Given data
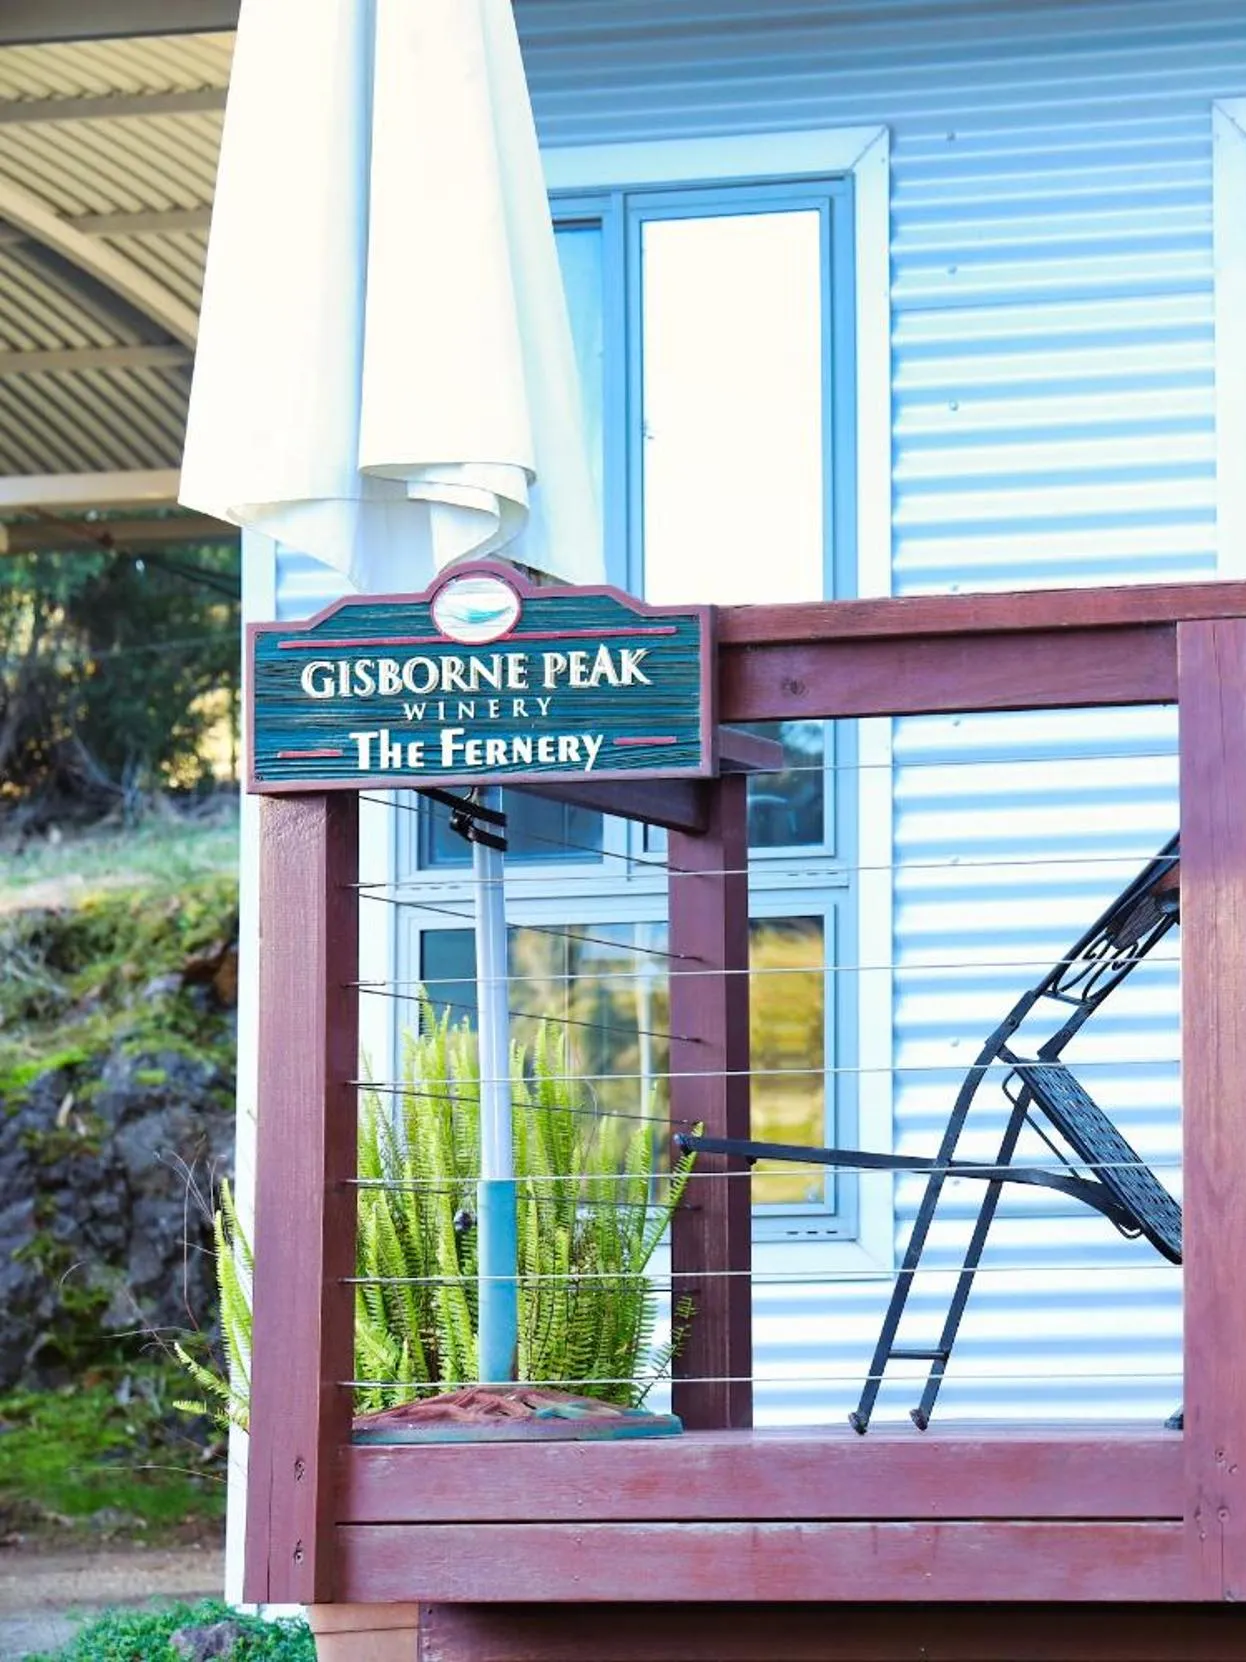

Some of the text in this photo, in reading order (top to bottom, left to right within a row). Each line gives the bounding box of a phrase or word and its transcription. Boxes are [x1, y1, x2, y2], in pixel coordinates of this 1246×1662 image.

[301, 645, 652, 698] GISBORNE PEAK
[402, 697, 552, 721] WINERY
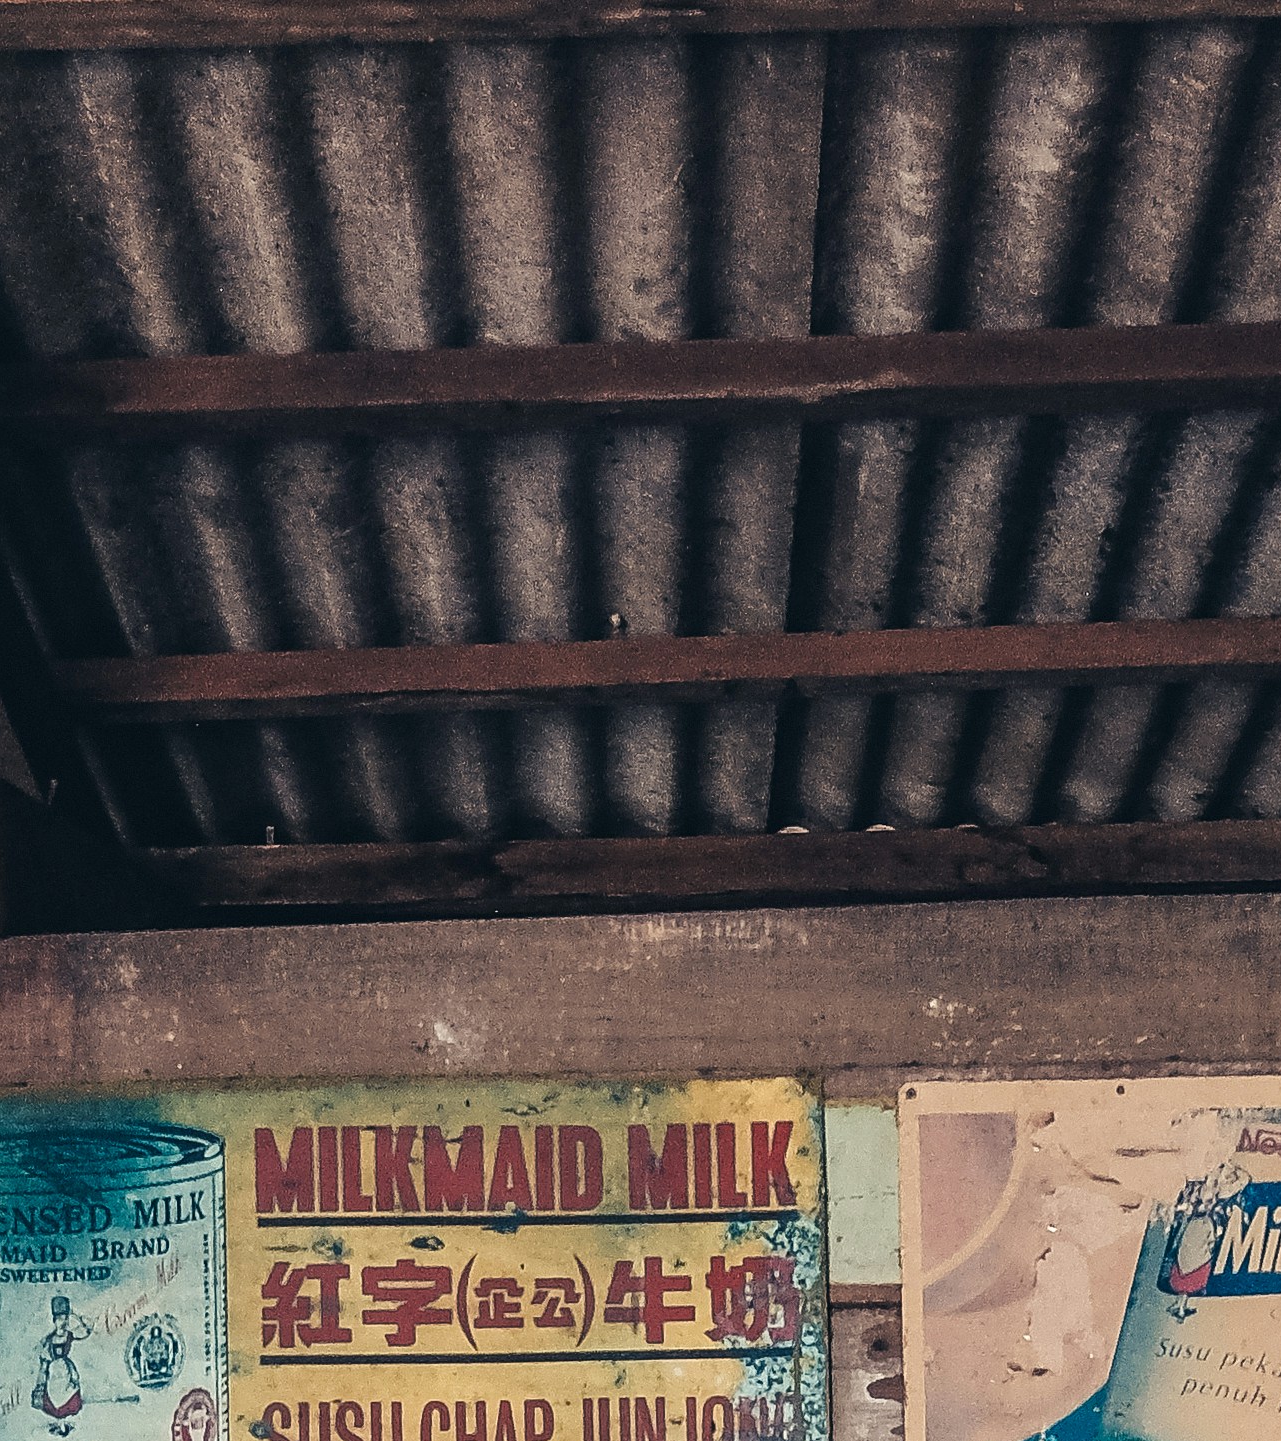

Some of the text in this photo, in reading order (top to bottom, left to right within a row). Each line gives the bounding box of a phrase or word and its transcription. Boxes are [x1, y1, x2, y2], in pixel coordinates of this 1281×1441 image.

[254, 1121, 798, 1213] MILKMAID MILK
[133, 1191, 207, 1230] MILK
[0, 1265, 111, 1284] SWEETENED

Exercise prompt
Only the pictures are to be left out; copy all the remaining material above exactly.

Solution to this task
Some of the text in this photo, in reading order (top to bottom, left to right within a row). Each line gives the bounding box of a phrase or word and its transcription. Boxes are [x1, y1, x2, y2], in pixel coordinates of this 1246×1662 image.

[301, 645, 652, 698] GISBORNE PEAK
[402, 697, 552, 721] WINERY

Some of the text in this photo, in reading order (top to bottom, left to right within a row). Each line gives the bounding box of a phrase or word and its transcription. Boxes are [x1, y1, x2, y2], in pixel coordinates of this 1281×1441 image.

[254, 1121, 798, 1213] MILKMAID MILK
[133, 1191, 207, 1230] MILK
[0, 1265, 111, 1284] SWEETENED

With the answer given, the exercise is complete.